(Continuous Positive Airway Pressure) CPAP insurance verification should be at the top of the list for suppliers of these DME devices. Medicare and private insurance providers have detailed guidelines, and insurance authorization and verification services can really help suppliers ensure that patients approaching them have CPAP devices covered under their insurance plan.
CPAP devices help in improving sleep. And with more and more OSA (obstructive sleep apnea) patients each year, CPAP therapy is increasingly being sought after.
The Detailed Insurance Verification Process
It is important that you ask the patient specific questions to ensure he/she is covered under Medicare or other private insurance and qualifies for the device. Private insurance carriers have different documentation requirements which you need to be aware of:
- Make sure that you have an appropriate and comprehensive insurance verification form.
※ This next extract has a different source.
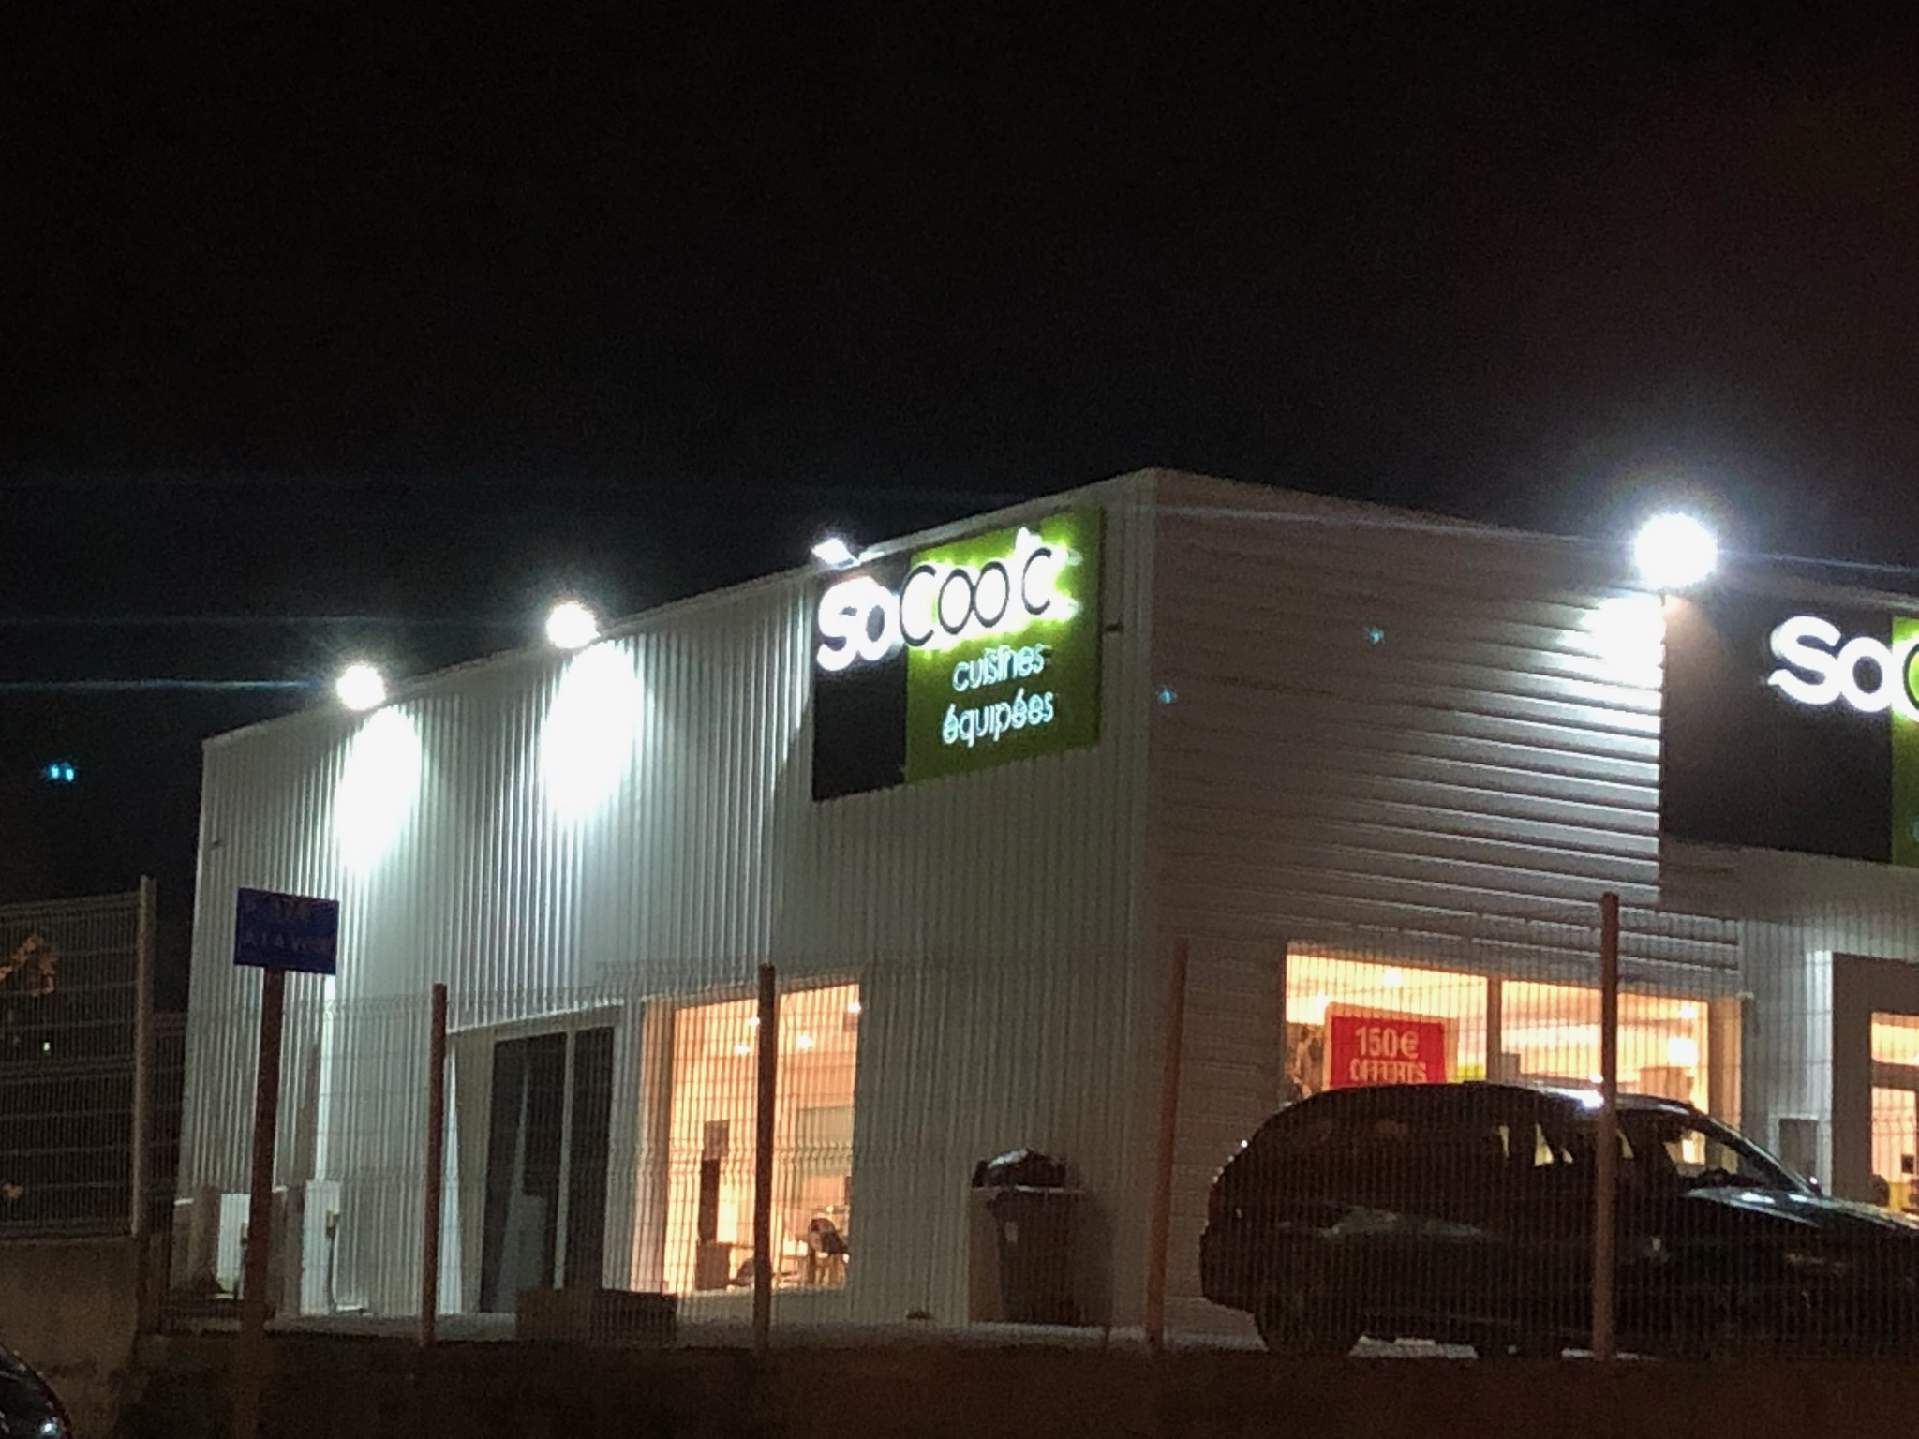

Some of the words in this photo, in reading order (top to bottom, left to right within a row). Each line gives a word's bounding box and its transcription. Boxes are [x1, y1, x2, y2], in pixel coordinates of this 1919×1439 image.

[952, 643, 1047, 691] cuisines
[943, 688, 1055, 748] équipées
[1355, 1026, 1420, 1060] 150€
Your patient must hand it back to you thoroughly completed.
- The patient must have an OSA diagnosis and also have an AHI (apnea-hypopnea index) of 15 or above per hour.
- The patient could also have an AHI ranging between 5 and 14 per hour but with the documented symptoms including moodiness, insomnia, impaired cognition, excessive sleepiness in the day, or history of hypertension or stroke, or ischemic heart disease.
- The physician’s order must clearly document any of these symptoms while the patient’s file must contain the sleep study’s copy.
- It is also important to verify the real results of the sleep study to know if they are similar to the information given to you at the time of the patient intake.
- If physicians have recorded apnea episodes as per the Respiratory Disturbance index or the old policy, they must get converted to the AHI.
- When transmitting and billing claims to DMERC, it is important that a “KX” modifier is added to CPAP and the supplies, which is proof that the required documentation is in place.
Medicare does cover a CPAP therapy 3-month trial for those diagnosed with obstructive sleep apnea. However, if you report that the patient is really being helped by the CPAP therapy in the medical record after you have met in person, Medicare could cover for a longer period. Patients need to be covered with Medicare Part B.
The patient needs to pay 20% of the amount approved by Medicare for renting the CPAP machine and buying the tubing, masks and related supplies, with the Part B deductible applying. Medicare pays the supplier the rent for the machine if the patient is uninterruptedly using it for 13 months.
What the Physician Evaluation must Involve
At the physician evaluation, the patient must display signs of OSA, while an evaluation of the neck circumference and Body Mass Index (BMI), upper airway and cardiopulmonary system evaluation, and Epworth Sleepiness Scale must be conducted. This must happen before the baseline sleep study. In the event of the patient already using CPAP while becoming a Medicare patient, the initial baseline must meet the Medicare requirements. If the initial baseline does not meet Medicare criteria, the aforementioned face-to-face physician evaluation must be repeated.
Evaluation after Home CPAP Treatment Begins
Once the patient begins home CPAP treatment, patient compliance has to be documented after 31 days of usage, but before 90 days are completed. A download of the usage of CPAP plus a face to face re-evaluation with the physician must be done, with the latter documenting the improvement of the patient’s syndrome. The documentation of the physician must reveal that the symptoms of the patients have improved. CPAP adherence refers to usage that is equal to or greater than 4 hours on each of the 70% of nights in a consecutive 30-day period in the first 3 months.
CPAP insurance verification experts would have a clear and updated picture of the requirements of various insurance providers and can therefore help suppliers with this laborious task that begins right when the patient approaches the supplier for the device.